Starting early means not only starting to work early in your academic career but also, if you want a job by next summer, you need to start the process now. Some companies start the application process in October or November and by late in the application process, many of the jobs are gone. For example Disney opens summer internship applications in early fall and starts making offers for the next summer internships whenever they catch a talented candidate. Disney jobs fill fast!
Tyler Bal, an electrical controls engineering major, spent his second summer at Disney Imagineering at the Disney Resorts in Anaheim – you know, Disneyland! He started pursuing Disney five or six months before his first summer internship in 2012. He kept in touch with the managers he met during his first summer internship and was hired to work on all kinds of fun, challenging projects this summer - making the Disney experience more magical for park guests. He had an opportunity to network with engineers and engineering managers in multiple departments and at multiple Disney operations. He learned some really important lessons – in ride control, engineering is invisible if it works; but in show control, engineering is visible if it works! Tyler also learned that Disney managers do not hire anyone who has not done an internship with the company. When he graduates in the spring of 2014 he hopes to be hired by Disney, but he is being proactive by continuing to keep in touch with the Disney managers he met through his internships.

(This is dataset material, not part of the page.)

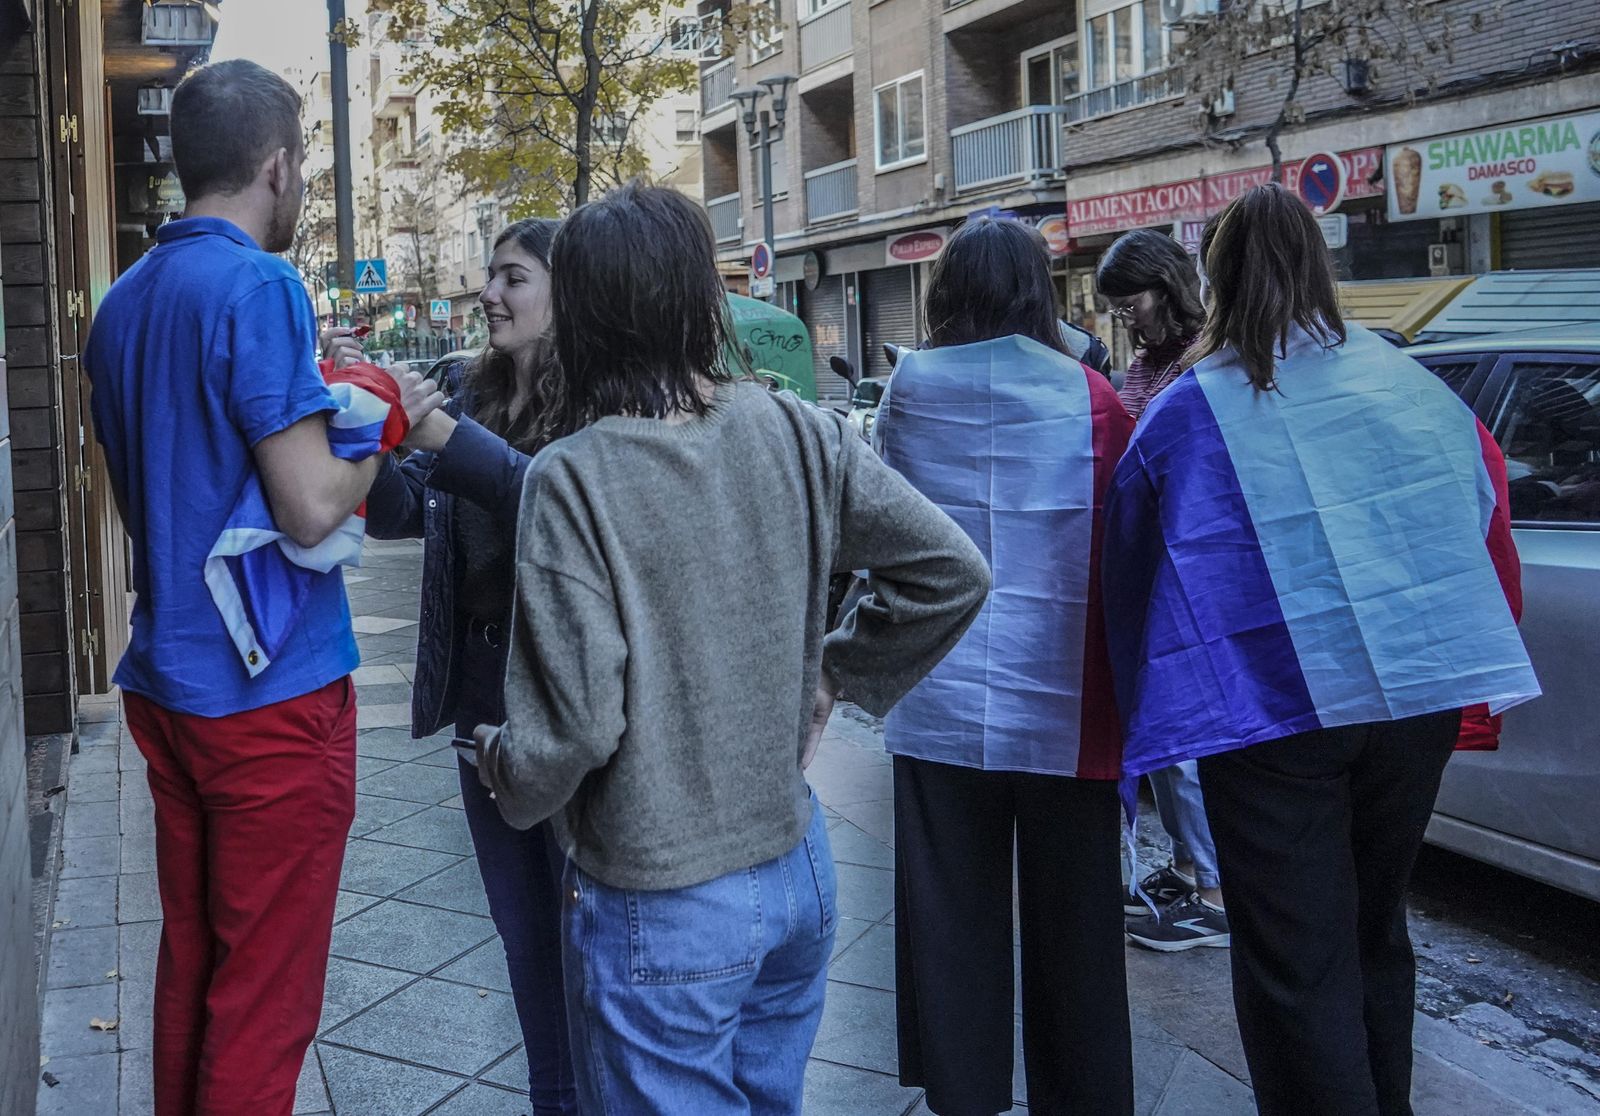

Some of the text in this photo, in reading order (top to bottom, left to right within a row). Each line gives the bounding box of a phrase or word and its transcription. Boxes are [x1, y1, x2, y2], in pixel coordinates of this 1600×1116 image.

[1428, 121, 1581, 170] SHAWARMA
[1468, 158, 1536, 181] DAMASCO
[1069, 180, 1203, 224] ALIMENTACION
[1286, 152, 1381, 191] EPA

Ken Forsthoff, a mechanical engineering major, will graduate this December with a job offer in hand from The Wine Group in Rippon, CA. He spent this past summer doing all kinds of interesting engineering and non-engineering jobs. He thinks his offer wasn’t an accident – "Its about the hustle - meeting deadlines, doing everything with enthusiasm, and being proactive." He has advice for interns and new employees: "look for things to do if you are not busy, ask questions, and look professional all of the time." He says it is important to look like the job you want. He wore a collared shirt every day even when the work was dirty and tedious. He believes that if you want a career offer, you have to work hard to prove yourself and look the part. There is no tolerance for slackers.
Ken also learned the value of working for a good boss – "a good boss empowers you and a bad boss diminishes you." Luckily his boss at The Wine Group was great!

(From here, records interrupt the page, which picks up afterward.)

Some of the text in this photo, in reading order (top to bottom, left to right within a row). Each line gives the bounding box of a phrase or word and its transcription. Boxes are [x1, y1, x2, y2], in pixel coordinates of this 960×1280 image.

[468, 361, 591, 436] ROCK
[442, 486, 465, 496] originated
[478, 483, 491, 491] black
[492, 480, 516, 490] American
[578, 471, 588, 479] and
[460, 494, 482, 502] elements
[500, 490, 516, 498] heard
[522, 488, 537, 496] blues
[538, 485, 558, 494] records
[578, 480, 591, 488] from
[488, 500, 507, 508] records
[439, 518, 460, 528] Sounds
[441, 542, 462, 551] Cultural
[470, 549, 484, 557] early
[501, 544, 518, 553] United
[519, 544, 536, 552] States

Raghu Karamballi, a computer science MS student, spent his summer experience with PayPal doing mobile device programming. The company not only paid him a great salary for his summer internship but they also provided an apartment for him to live in over the summer; sent him to conferences; invited him to lunch with managers every Friday; he was given an iphone and a tablet and top end hardware for his work; he was provided with refreshments all day everyday; and best of all he got a really great job offer with amazing incentives to start upon graduation in May of 2014.
The time is now to get your job search started. Next Wednesday there is a job fair in the University Union Ballroom from 10 AM to 2 PM. Show up dressed nice with a resume!
You are "ready to climb!" so "Climb on!"
I am there to belay if you need help.